EMC's Pivotal Initiative division made a big splash last week with the launch of its Pivotal HD distribution of Hadoop. This is not a normal Hadoop distribution, but one that takes the parallel guts of the Greenplum database and reworks them to transform the Hadoop Distributed File System (HDFS) into something that speaks …
What's not to like?
“This cost model-based optimization is really something rare, and in fact, no one else in the industry working with Hadoop, working with query engines on top of Hadoop, has anything like this."
A very important point, me thinks.
To quote Steven Brobst, Teradata’s CTO, “you are the optimiser” when you write a Hadoop application. Business users are (usually) capable of specifying the ‘what’ via SQL but can’t be expected to figure out the ‘how’.
Most IT folks would struggle to figure out the optimal execution plan when developing an app to run in parallel on a large cluster. Even understanding the explain output from a parallel query optimiser can be tricky…especially for those pesky 20 way joins users like to concoct.
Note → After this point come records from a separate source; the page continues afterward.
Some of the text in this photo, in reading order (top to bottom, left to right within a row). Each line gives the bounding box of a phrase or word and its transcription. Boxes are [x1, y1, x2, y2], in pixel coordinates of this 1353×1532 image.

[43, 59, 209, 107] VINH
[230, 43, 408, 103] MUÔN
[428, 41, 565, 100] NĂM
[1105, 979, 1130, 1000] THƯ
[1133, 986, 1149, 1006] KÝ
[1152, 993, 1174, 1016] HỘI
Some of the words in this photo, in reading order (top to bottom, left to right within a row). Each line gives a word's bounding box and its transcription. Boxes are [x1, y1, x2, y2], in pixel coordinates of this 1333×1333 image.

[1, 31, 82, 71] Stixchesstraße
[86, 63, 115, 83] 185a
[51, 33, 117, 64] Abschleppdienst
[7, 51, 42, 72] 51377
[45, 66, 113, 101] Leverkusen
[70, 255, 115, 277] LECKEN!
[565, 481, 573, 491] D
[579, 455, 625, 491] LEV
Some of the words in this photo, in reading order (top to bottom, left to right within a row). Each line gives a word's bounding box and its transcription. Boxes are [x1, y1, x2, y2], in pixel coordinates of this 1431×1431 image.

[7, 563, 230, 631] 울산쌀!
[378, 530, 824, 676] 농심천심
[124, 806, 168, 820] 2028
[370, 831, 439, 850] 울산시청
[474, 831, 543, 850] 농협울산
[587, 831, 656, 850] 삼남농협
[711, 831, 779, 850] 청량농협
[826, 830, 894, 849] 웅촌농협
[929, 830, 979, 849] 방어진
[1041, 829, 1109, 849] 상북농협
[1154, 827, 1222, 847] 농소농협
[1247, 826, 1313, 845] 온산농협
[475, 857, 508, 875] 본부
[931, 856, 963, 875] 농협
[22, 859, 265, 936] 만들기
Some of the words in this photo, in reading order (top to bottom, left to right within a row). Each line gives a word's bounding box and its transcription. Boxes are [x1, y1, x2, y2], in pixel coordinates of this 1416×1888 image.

1 billion rows on a 60 node cluster is a measly ~17m rows/node. Assuming multi-socket and multi-core nodes, with each core running a separate database segment, that’s not a lot of rows per segment - maybe ~1.5m each for a 2 x 6 core node. There was probably nothing else running on there, so why did it take 13 seconds?!?!?
It’s no surprise that the Greenplum DBMS outperforms Impala, given that Greenplum was a standalone parallel database company before being acquired by EMC. Greenplum is also relatively mature compared to Impala. They also made some very smart hires early in the development process about 7-8 years ago to make sure they got things right.
“if you double the nodes you should be able to do the job twice as quickly”
While this should be true for any MPP architecture, whether it is always observed or not depends on the data demographics and query in question i.e. “your mileage may vary”.